Quelques considérations linguistiques à propos des titres des romans Maigret
SIMENON SIMENON. TITOLI, TRADUZIONE E "FALSI AMICI"…
Alcune considerazioni linguistiche sui titoli dei romanzi Maigret
SIMENON SIMENON. TITLES, TRANSLATION AND "FALSE FRIENDS"...
Some linguistic considerations about the titles of the Maigret novels
"Je commence toujours par le titre parce j'y attache autant d'importance qu'aux noms des personnages, parce que le titre devrait donner l'ambiance du roman." C'est ce que Simenon disait dans une interview pour le journal suisse l'Illustré en octobre 1971.
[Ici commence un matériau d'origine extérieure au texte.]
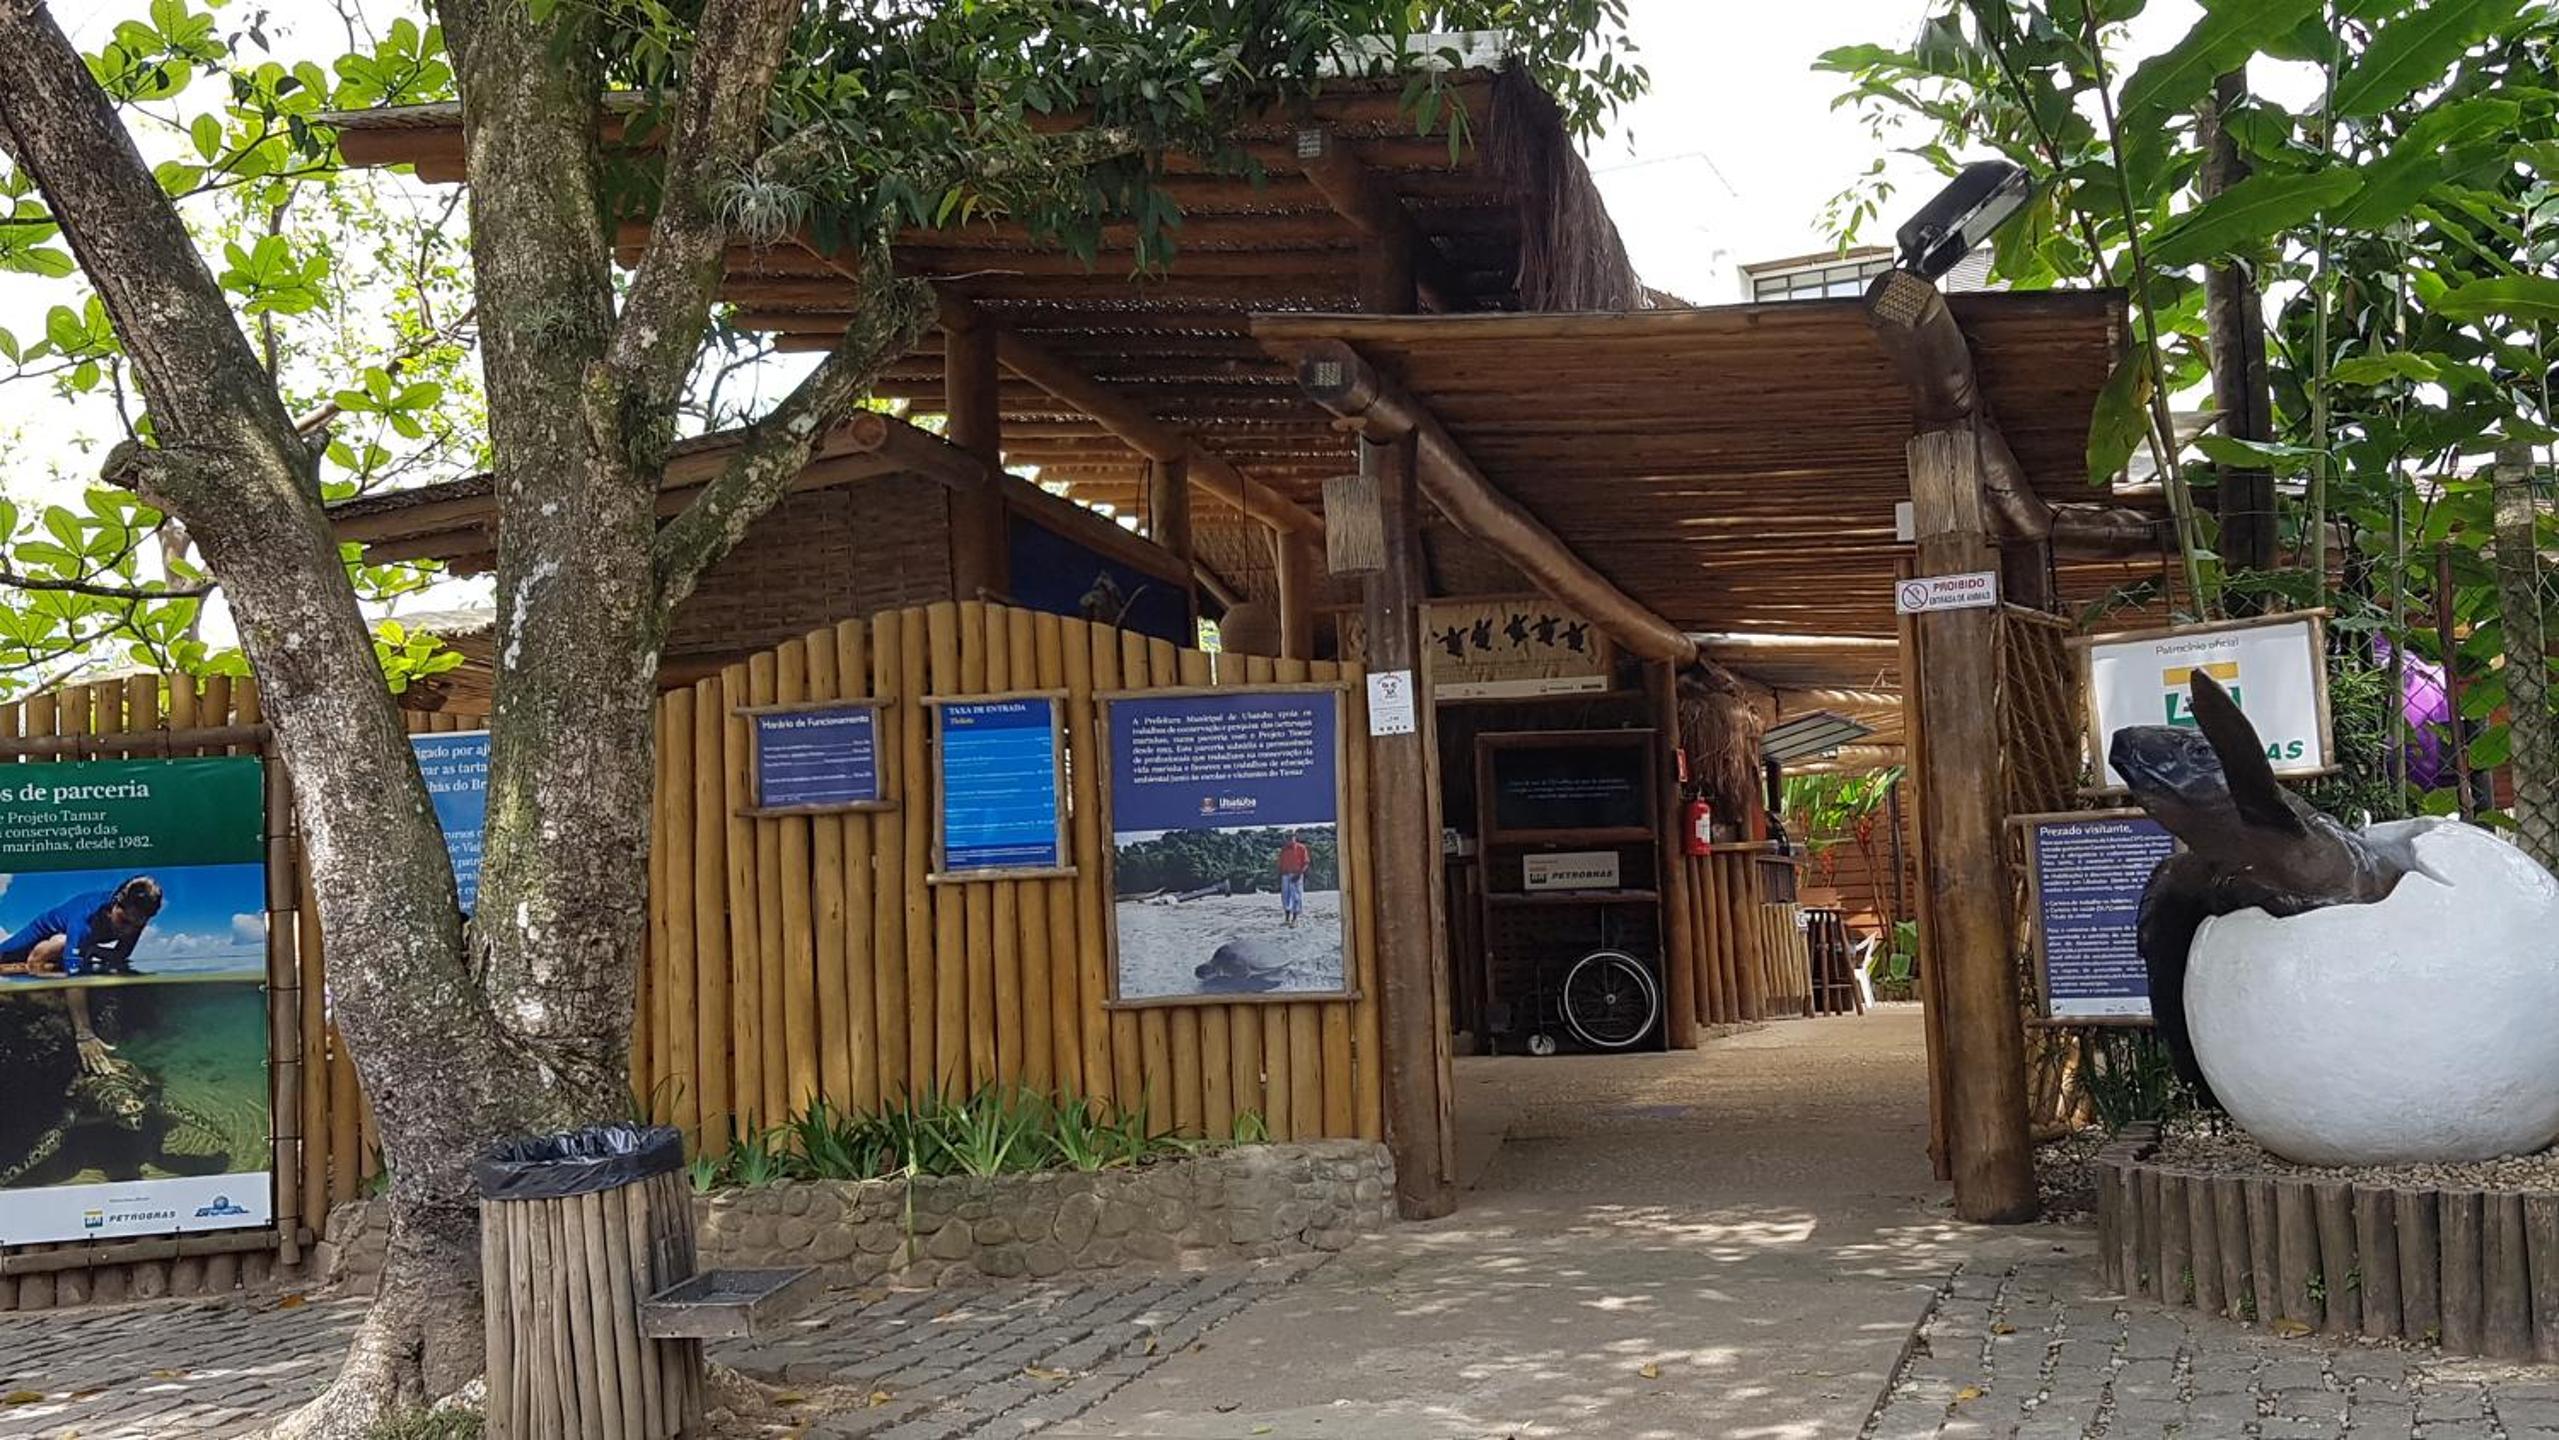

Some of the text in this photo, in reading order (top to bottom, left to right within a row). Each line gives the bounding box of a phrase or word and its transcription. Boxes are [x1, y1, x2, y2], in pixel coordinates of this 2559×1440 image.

Claudine Gothot-Mersch, dans son texte "Le travail de l'écrivain à la lumière des dossiers et manuscrits du Fonds Simenon", évoque cette problématique des titres. En consultant les enveloppes jaunes conservées au Fonds, elle a constaté que le romancier avait souvent noté plusieurs titres pour un même roman, hésitant entre plusieurs solutions, et on peut comprendre cela en nous référant à la phrase citée plus haut. En début de rédaction, lorsque Simenon se met en état d'écrire, il est à la recherche d'une ambiance, et celle-ci, comme il le déclare, doit se sentir dès le titre. Claudine Gothot-Mersch a pu relever que pour les manuscrits du Fonds Simenon, la moitié a changé de titre en cours de route, et c'est particulièrement vrai pour les romans Maigret.
Le titre des romans publiés par les Presses de la Cité contient à chaque fois le mot "Maigret", accompagné soit d'un verbe (Maigret hésite), soit d'un substantif qui le suit (Maigret et la jeune morte) ou le précède (Un Noël de Maigret), et ce substantif peut être un personnage (Maigret chez le ministre), un lieu (Maigret à New York), un objet (Le revolver de Maigret), un sentiment (La colère de Maigret) ou une notion plus ou moins abstraite (Une confidence de Maigret). La moitié des titres des Presses de la Cité sont formés du mot "Maigret" accompagné d'un nom de personnage, l'autre moitié se répartit à parts plus ou moins égales entre les autres formes.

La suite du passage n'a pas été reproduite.